▶ [WORK INSTRUCTIONS] Repeat each entry exactly; omit all pictures.

▶ [PROVIDED RECORDS]
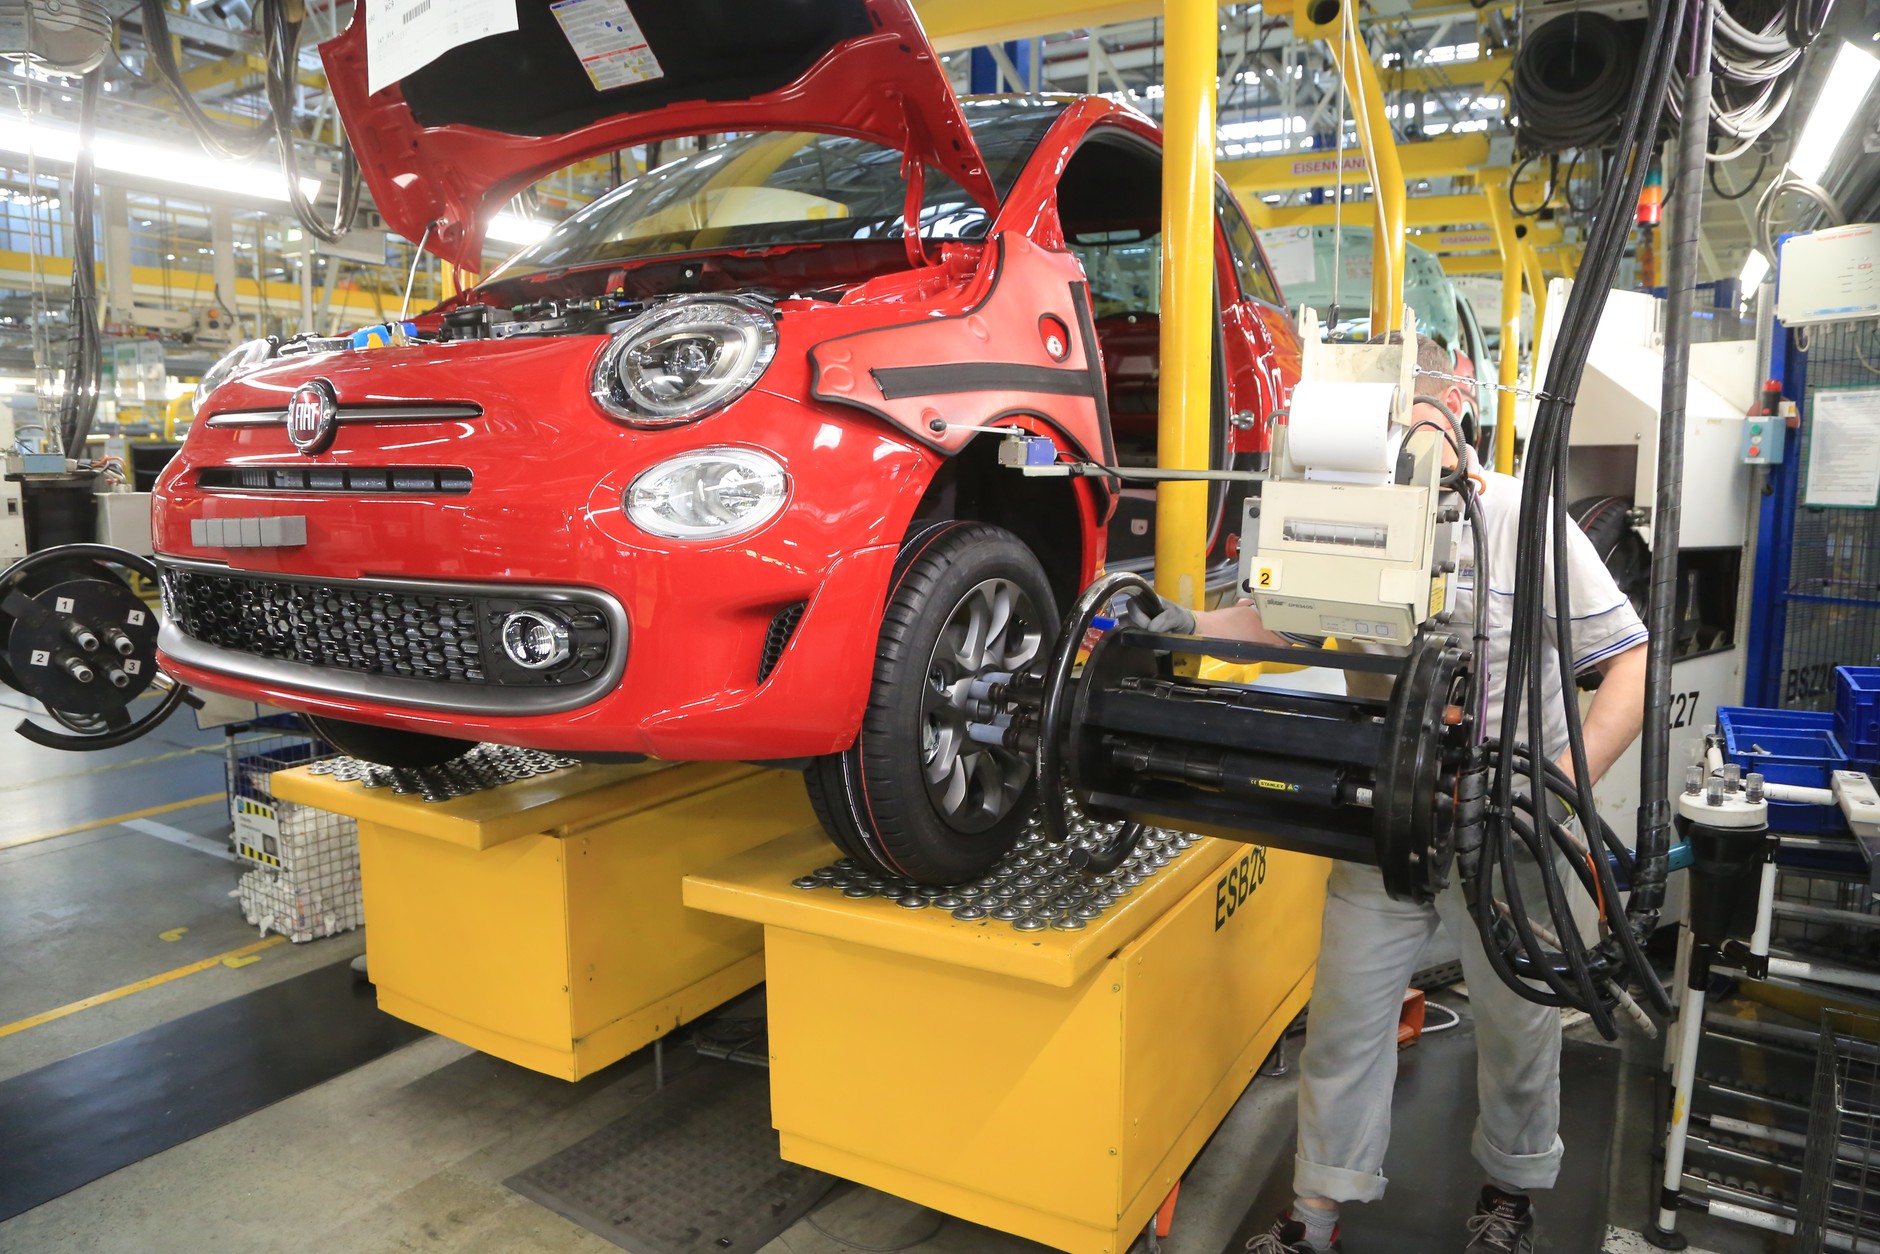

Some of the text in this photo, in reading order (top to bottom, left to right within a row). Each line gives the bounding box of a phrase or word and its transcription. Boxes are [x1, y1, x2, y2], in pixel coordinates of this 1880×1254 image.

[1440, 234, 1491, 245] EISENMANN
[295, 402, 320, 431] FIAT
[1260, 572, 1270, 585] 2
[62, 601, 68, 610] 1
[132, 613, 140, 622] 4
[36, 653, 44, 662] 2
[128, 662, 135, 671] 3
[1260, 781, 1284, 789] STANLEY
[1215, 846, 1267, 932] ESB28

▶ [OUTPUT BELOW]
Some of the text in this photo, in reading order (top to bottom, left to right within a row). Each line gives the bounding box of a phrase or word and its transcription. Boxes are [x1, y1, x2, y2], in pixel coordinates of this 1880×1254 image.

[1440, 234, 1491, 245] EISENMANN
[295, 402, 320, 431] FIAT
[1260, 572, 1270, 585] 2
[62, 601, 68, 610] 1
[132, 613, 140, 622] 4
[36, 653, 44, 662] 2
[128, 662, 135, 671] 3
[1260, 781, 1284, 789] STANLEY
[1215, 846, 1267, 932] ESB28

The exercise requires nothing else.